Mr Martin said Irish Water had been established under “a cloak of secrecy” and had angered people across the country as the public had not been told it would cost €180m to set up and the €50m spent on consultancies was only revealed on the Sean O’Rourke radio show last week.

Sinn Féin president Gerry Adams described Mr Kenny’s responses on the FOI as “a joke”, saying Fine Gael had promised a democratic revolution yet had blocked a Sinn Féin amendment to bring Irish Water under the FOI Act.

He said €86m was spent on consultants at a time when €3m was slashed from the housing adaption schemes for the elderly and disabled citizens, saying the Government was protecting the “Golden Circle” while denying funding for frontline services.

He called on Mr Hogan to resign, asking the Taoiseach: “Do you agree with me that the minister has 1, 2, 3, too many debacles and this minister should go?”

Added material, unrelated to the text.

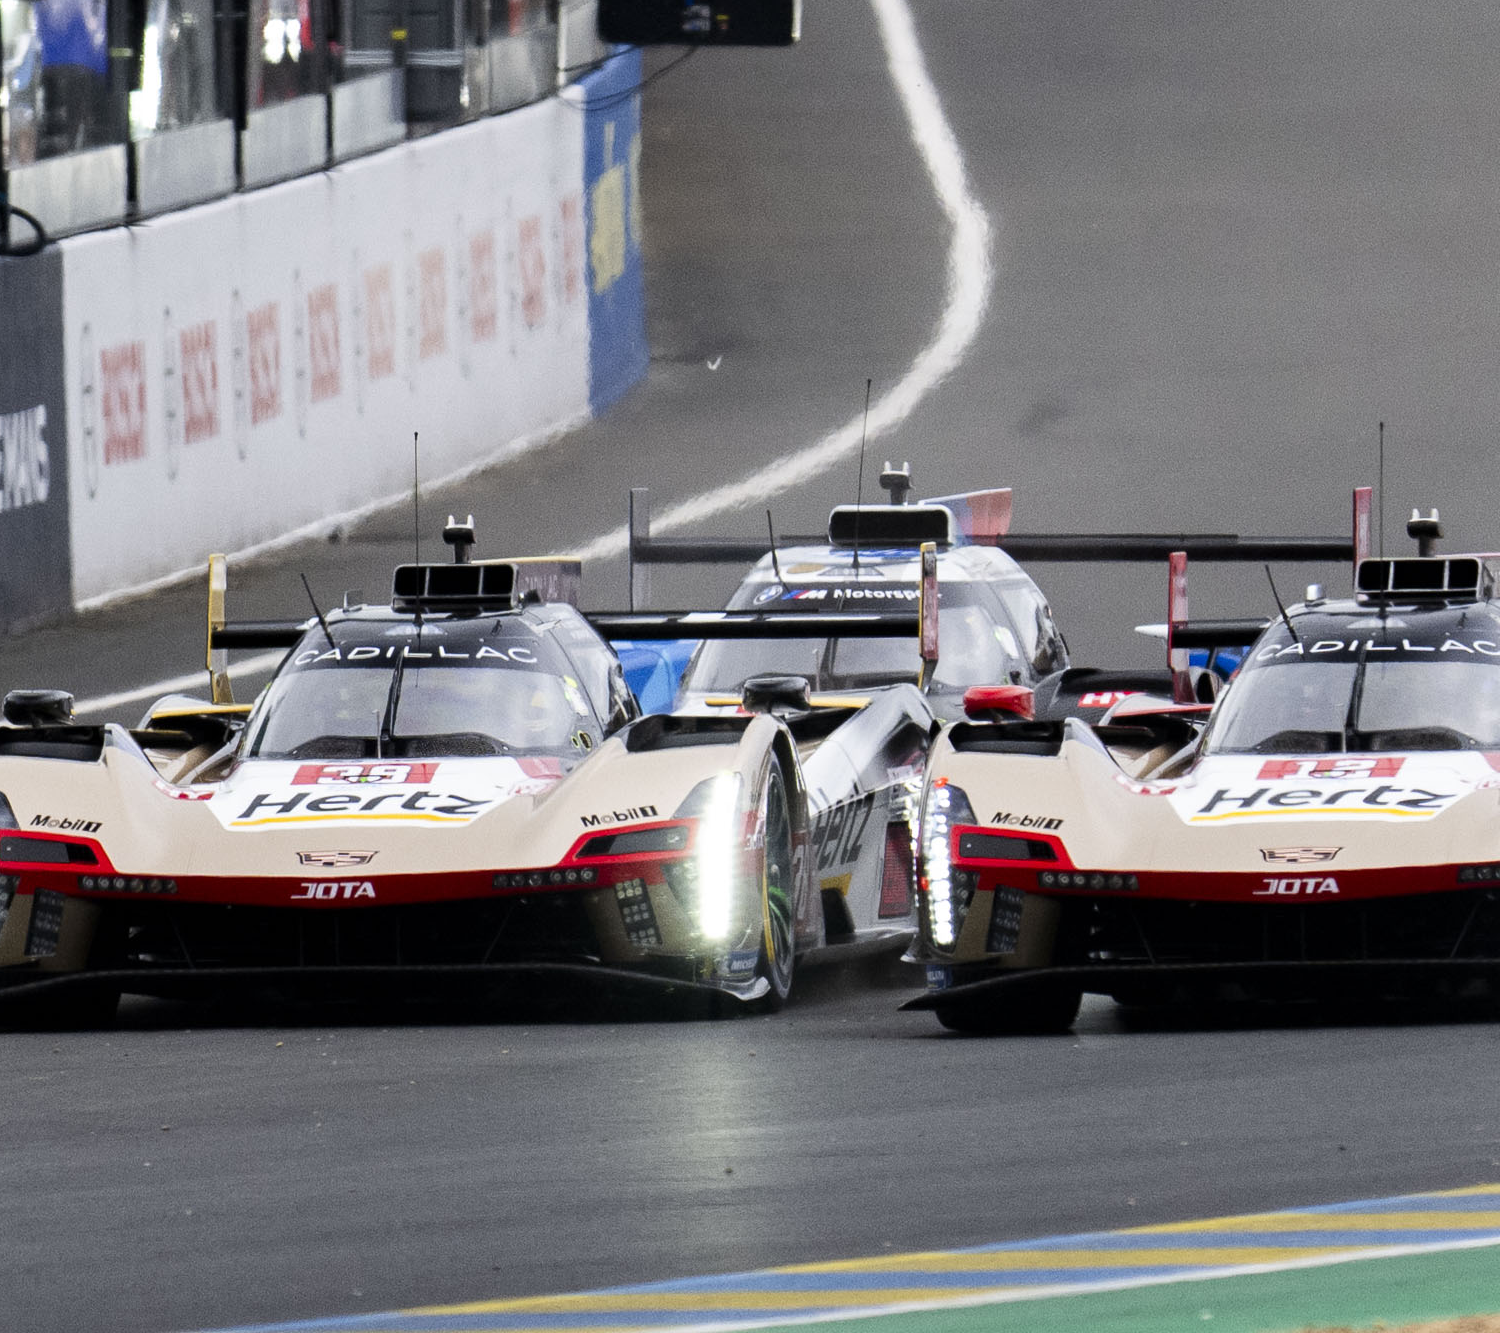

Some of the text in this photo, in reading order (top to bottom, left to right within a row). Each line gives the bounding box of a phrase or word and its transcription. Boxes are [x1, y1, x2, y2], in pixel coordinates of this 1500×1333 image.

“No is the answer to that question” said Mr Kenny who also dismissed Sinn Féin accusations that Irish Water was being set up for privatisation.


IBM: €44.8m

IBM has secured three consultancy contracts delivering Irish Water’s call centre operations, customer care and billing operations. It has also advised the utility on where and when to invest in the vast water network and has provided support services across IT, finance, human resources and regulatory issues.

Accenture: €17.2m

The worldwide consulting firm is developing a number of IT operating procedures across security, systems, testing and data modelling. It will also provide an overall programme management which will include working with government officials and is also helping the company define its ‘credo’ or “guiding principles.”

Ernst & Young: €4.6m

The accounting firm managed and organised programmes in relation to commercial brand development, customer engagement, pensions, employee contracts/relations and governance.

A&L Goodbody: €2.9m

With almost 400 lawyers in Ireland and Britain, it will provide legal services on company establishment, regulatory issues and procurement.

KPMG: €2.2m

The accountancy firm will supply services in relation to risk, quality assurance and will report back to the board of Irish water as to whether the company is fit for purpose and is designed to accomplish what it is supposed to achieve

McCann Fitzgerald: €0.97m

One of the country’s biggest law firms it is also providing legalservices.